2. On the meeting, we've learn the service and we found the task is enough small to introduce it.
Although the impetus came from a referral from an acquaintance, by comparing the benefit from the service and the cost of introduction, I think trying it is reasonable and this does not constitute a conflict of interest (it is a normal selection of services for development).
In this case, the cost of introduction is enough low.
I agree there are room to improve the source code but we can improve after merging and trying it out, IMO.
(and we can revert the code if we found another issues)
Updated by jaruga (Jun Aruga) 10 months ago
I agree there are room to improve the source code but we can improve after merging and trying it out, IMO.
(and we can revert the code if we found another issues)
I agree that we merge the necessary PRs to run Launchable on CI first before working for further improvements. And I understand we can revert the code if it is necessary. Let's keep in mind that we squash commits to one commit, or merge with squash for Launchable related PRs if it is possible, because of reverting the necessary commits easily. I see that we forgot to ask to squash the commits on the past PR: https://github.com/ruby/ruby/pull/9757.
Updated by byroot (Jean Boussier) 10 months ago
So if I understand correctly, this isn't an alternative CI, just a side system that collect statistics and also better format test failures.
I haven't looked at it in detail, but some form of flakiness analysis would indeed be very welcome.
The one small bit of feedback I have about what I've seen, and that is mostly down to personal preference, is I tend to dislike bots that post GitHub comments, as I find them very noisy given my GitHub notification setup (email).
So I wonder if it would be possible for it to register itself as a normal commit status instead? That said, GitHub Action already publish so many of these I understand one worry might be that it will be hard to find in the list?
Also it would be nice to see a PR with it enabled on ruby/ruby
. The result on ruby/debug
look nice, but ruby/ruby
CI output is way more complicated, so I'd be curious to see how well it adapts to that.
Updated by hsbt (Hiroshi SHIBATA) 10 months ago
- Subject changed from FYI: Add Launchable into Ruby CI to Add Launchable into Ruby CI
Updated by ono-max (Naoto Ono) 10 months ago
Thank you for the feedback. It makes sense to minimize notification noise, especially considering different preferences in notification settings. To address this, we will adjust the GitHub comments feature as follows:
- Launchable will create a single comment summarizing test results when a pull request is created.

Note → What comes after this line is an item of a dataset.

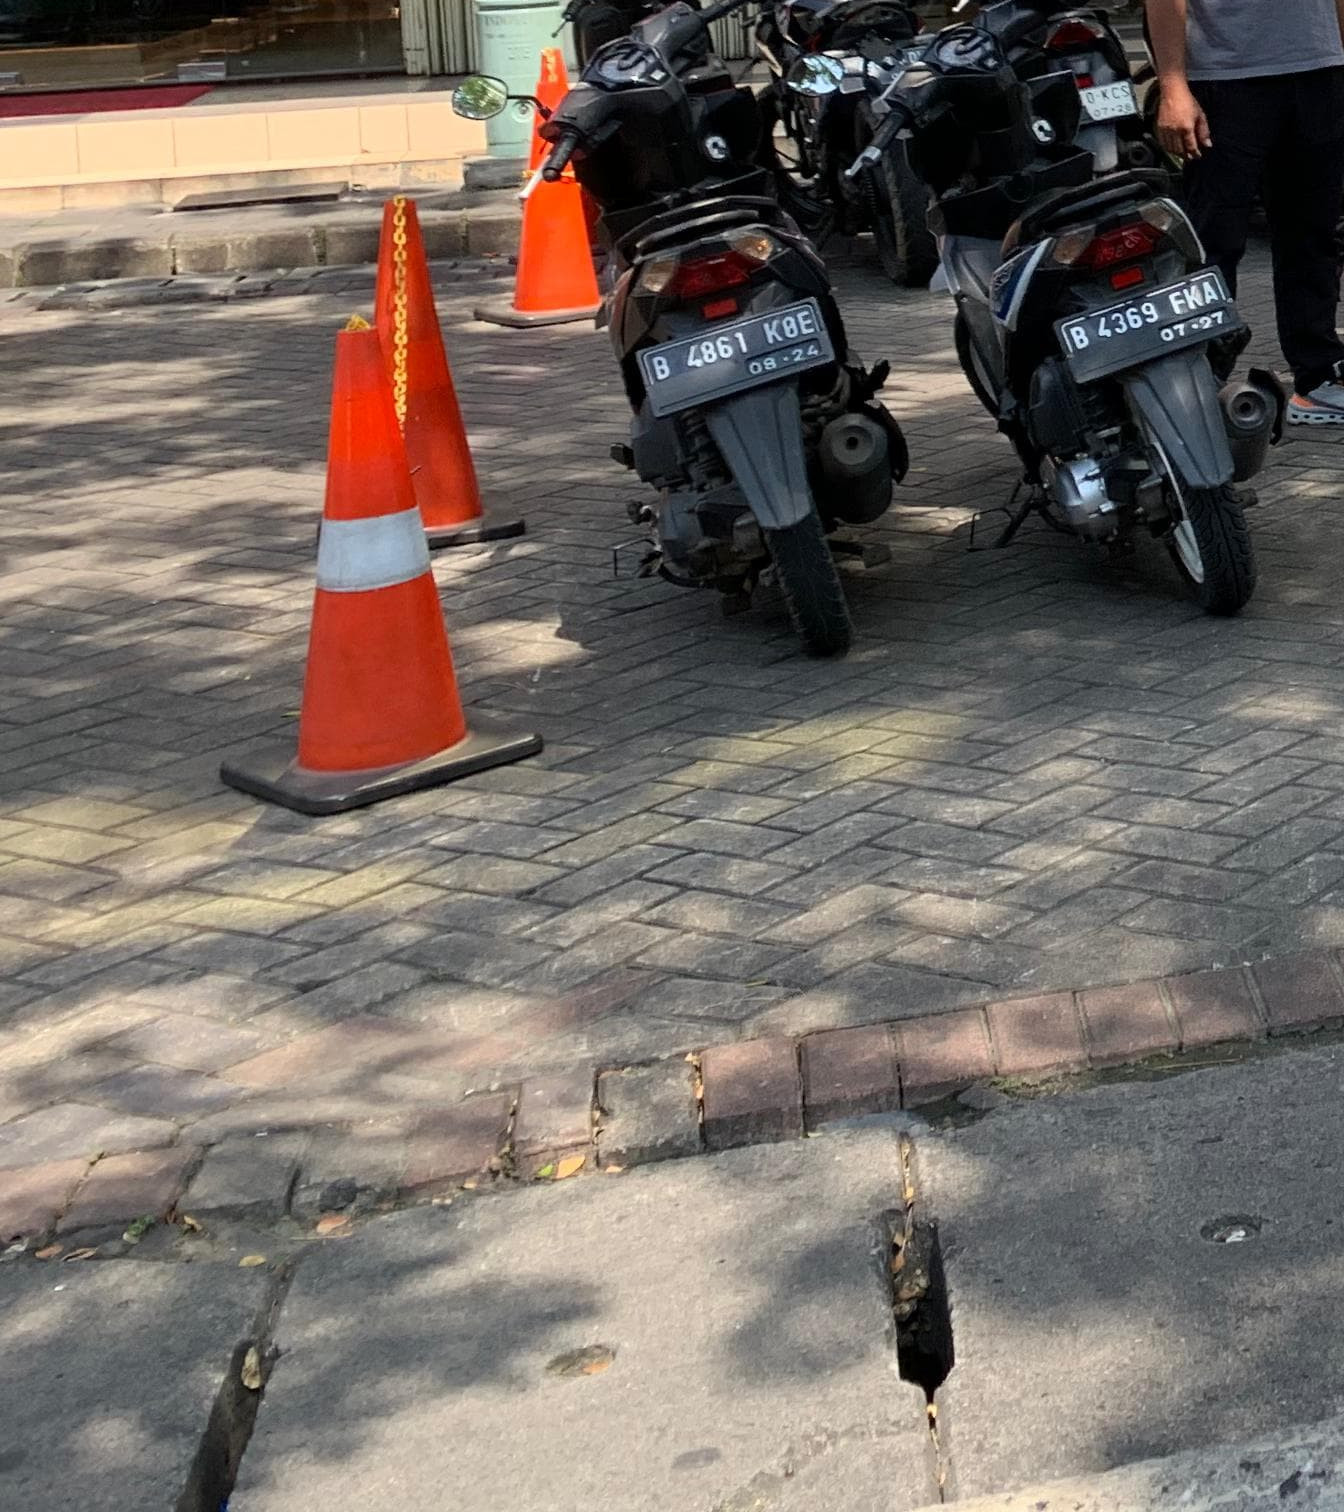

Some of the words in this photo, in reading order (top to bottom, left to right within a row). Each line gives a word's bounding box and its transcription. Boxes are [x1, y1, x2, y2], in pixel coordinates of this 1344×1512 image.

[1070, 326, 1089, 350] B
[1098, 302, 1159, 338] 4369
[652, 356, 670, 380] B
[687, 332, 748, 368] 4861

- Subsequently, test updates will be reflected by updating this comment.
This approach aims to consolidate notifications into a single comment upon pull request creation, reducing overall noise while still providing valuable information on test results.

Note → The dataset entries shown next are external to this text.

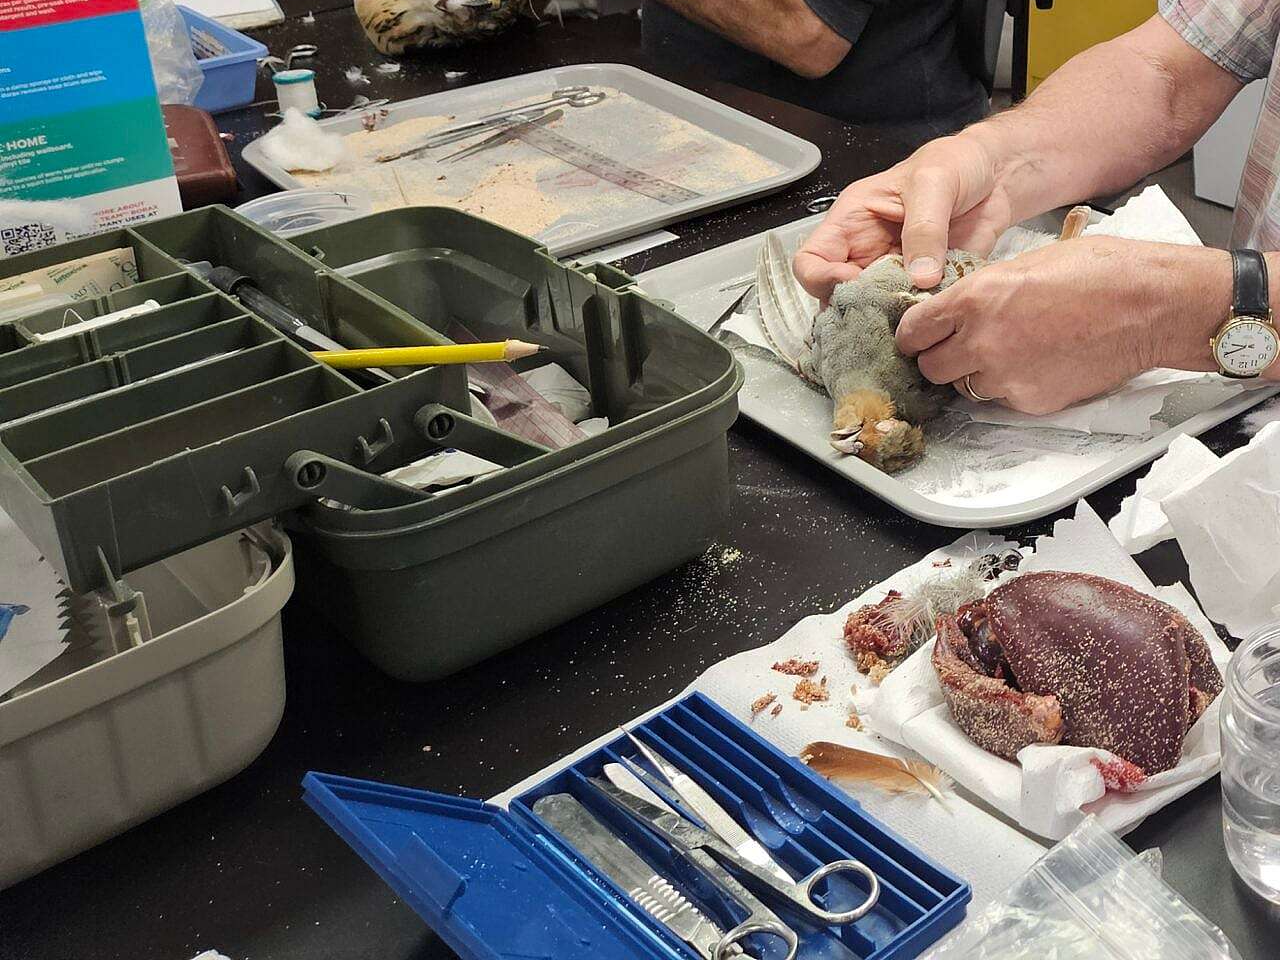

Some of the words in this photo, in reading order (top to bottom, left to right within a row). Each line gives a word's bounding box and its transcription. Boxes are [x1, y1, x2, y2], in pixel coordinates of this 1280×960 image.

[6, 135, 47, 150] HOME
[0, 151, 34, 161] including
[117, 201, 143, 211] ABOUT
[130, 205, 157, 214] BORAX
[99, 219, 121, 227] MANY
[125, 214, 145, 222] USES
[1238, 361, 1248, 369] 12

Updated by hsbt (Hiroshi SHIBATA) 10 months ago
- Status changed from Open to Assigned
In dev meeting at #20193, we discussed about Launchable. No one against Launchable integration for our GitHub Actions. In my opinion, Launchable helps to improve CI result of GitHub Actions and easily find flaky test. I as administrator of dev infrastructure am supporting @ono-max (Naoto Ono) to integrate Launchable.
Updated by byroot (Jean Boussier) 10 months ago
Subsequently, test updates will be reflected by updating this comment.
Thank you!
Updated by ono-max (Naoto Ono) 10 months ago
I wonder if I should introduce the following options to customize the behavior of the GitHub comments feature in the Launchable Web Console:
Configurable Option 1:
Allow users to choose when Launchable creates a GitHub comment.
- Option 1.1: Create a GitHub comment every time a commit is pushed.
- Option 1.2: (Default) Launchable creates a single comment summarizing test results when a pull request is created. Subsequent test updates are reflected by updating this comment.
Configurable Option 2:
Allow users to choose the visibility of GitHub comments based on test results.
- Option 2.1: Hide GitHub comments when all tests pass.
- Option 2.2: (Default) Do not hide comments, regardless of test results.
I welcome your thoughts on these proposed options.
Updated by duerst (Martin Dürst) 10 months ago
@ono-max (Naoto Ono) About customizing options, whatever results in less email by default is highly preferable.
Updated by jaruga (Jun Aruga) 10 months ago
FYI: I added document about Launchable to ruby/ruby's wiki page.
https://github.com/ruby/ruby/wiki/CI-Servers#launchable-ci
Updated by ono-max (Naoto Ono) 10 months ago
I updated the GitHub comments feature based on https://bugs.ruby-lang.org/issues/20254#note-10. Thank you for your feedback!
Updated by jaruga (Jun Aruga) 10 months ago
jaruga (Jun Aruga) wrote in #note-5:
...
Below are the pull-requests about adding the Launchable....
- https://github.com/ruby/ruby/pull/9777
tool/lib/test/unit.rb
tool/lib/test/unit/parallel.rb
.github/workflows/macos.yml
Note the https://github.com/ruby/ruby/pull/9777 mentioned above was merged and integrated into the GitHub Actions CI yesterday. Everyone can check how the test reports look like on the page below.
https://app.launchableinc.com/organizations/ruby/workspaces/ruby/data/test-sessions
Updated by jaruga (Jun Aruga) 10 months ago
As a reference to see how the results of the Launchable CI look like, below is one example to see the flaky, the most failed, and longest tests.
https://github.com/ruby/ruby/pull/10118#issuecomment-1967550964
Updated by ono-max (Naoto Ono) 10 months ago · Edited
FYI: I'm going to change the GitHub comment feature as follows today:
If a test is executed multiple times, we'll treat it as a single test, and the status of the test will reflect the latest result. By implementing this behavior, retried tests will be marked as passed if the final result after retrying is passed. This feedback was given by Shibata-san and Kokubun-san.
Updated by ono-max (Naoto Ono) 10 months ago
Thank you for introducing the feature, @jaruga (Jun Aruga). Also, I'd like to introduce the page https://app.launchableinc.com/organizations/ruby/workspaces/ruby/insights/unhealthy-tests. This page displays Flaky Tests, Never Failing Tests, Longest Tests, and Most Failed Tests.
For instance, the flakiness score is displayed in the Flaky Tests section. The flakiness score expresses how much the test exhibits flakiness. Let's say "test_nested_timeout" has a flakiness score of 0.2. This means that if "test_nested_timeout" fails against 10 different commits, the test failure is not considered a true failure in two of those commits.
For more detailed information, you can visit the document page at https://www.launchableinc.com/docs/features/unhealthy-tests/.
Updated by hsbt (Hiroshi SHIBATA) 10 months ago
- Status changed from Assigned to Closed
@ono-max (Naoto Ono) and @jaruga (Jun Aruga) Thank you for your works. Launchable has been added our repository.
We discovered https://bugs.ruby-lang.org/issues/20314 with this integration.
We should close this and create new ticket each concerns.